Part way through picking, Elijah got jealous that everyone else was eating, so I sat down right in the middle of the strawberry field to nurse him. First time nursing him in the baby sling, but it worked out quite well, and he was a happy camper.
For those of you who have never gone berry picking before, I urge you to try it. The extra work of picking totally pays off in the end because you have perfect, sun-ripened produce to bring home rather than whitish, tart, perhaps somewhat bruised fruit you can buy at the store.
We had to stop and get some heavy cream on the way home -- strawberry shortcake tonight!!
Wednesday, June 22, 2005
Since Elijah was born exactly two weeks ago, Grace has stayed with us here and has helped me immeasurably with the little guys. She has taken it upon herself to do housework without being told what to do, cooked, and has pretty much run the household for me while I've rested and gathered strength after the marathon of labor.

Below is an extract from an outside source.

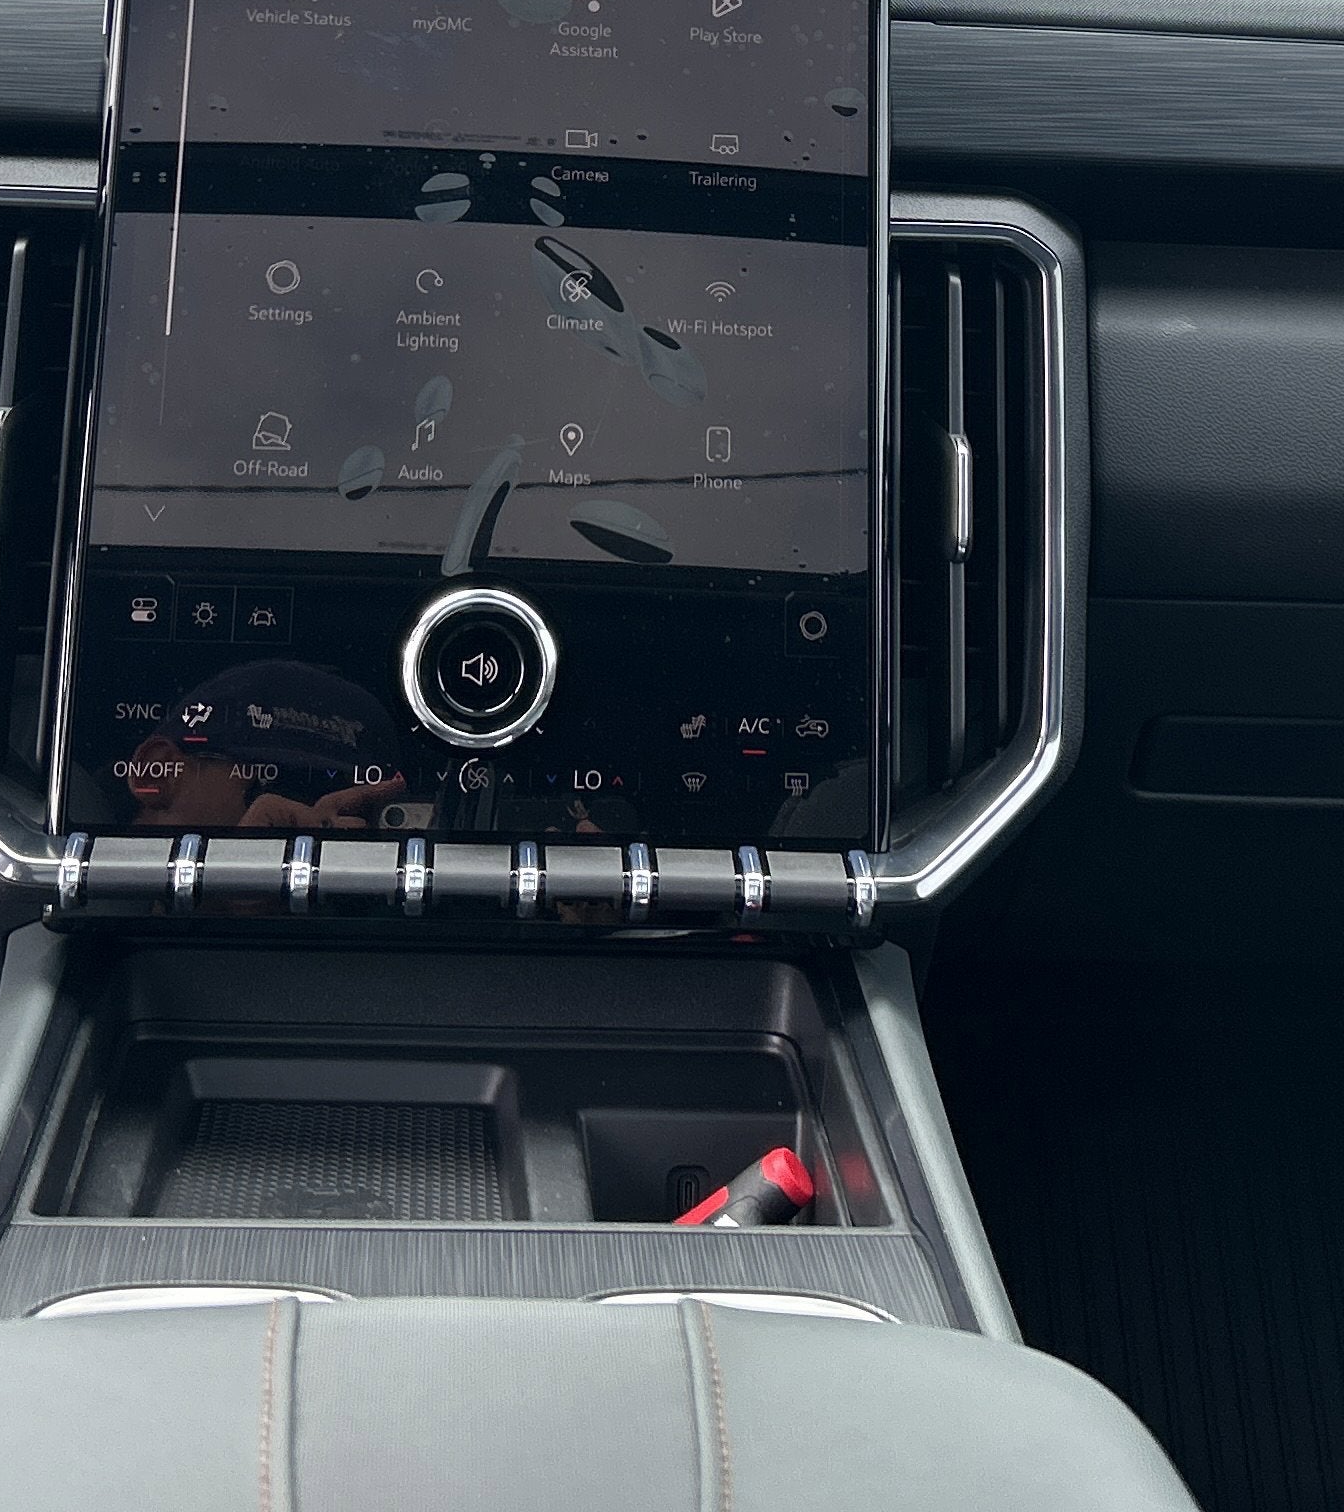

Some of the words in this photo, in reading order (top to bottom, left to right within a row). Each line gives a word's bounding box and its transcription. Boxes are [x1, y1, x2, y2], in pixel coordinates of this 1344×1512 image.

I cannot thank her enough; she has been a true lifesaver, as well as a great companion to me each day.
Today Hannah drove up with my mom and Joy, Christopher, Joel and Rachel to pick up Grace and drop off Joy. Joy will be with us for the next week-and-a-half (until the 4th of July weekend). As Greg said yesterday "Grace has pretty much kicked butt the past two weeks, so Joy has pretty big shoes to fill." quite high praise from someone like him. In the few hours since the "nanny swap", Joy has been proving herself to be up for the challenge. Go Joy!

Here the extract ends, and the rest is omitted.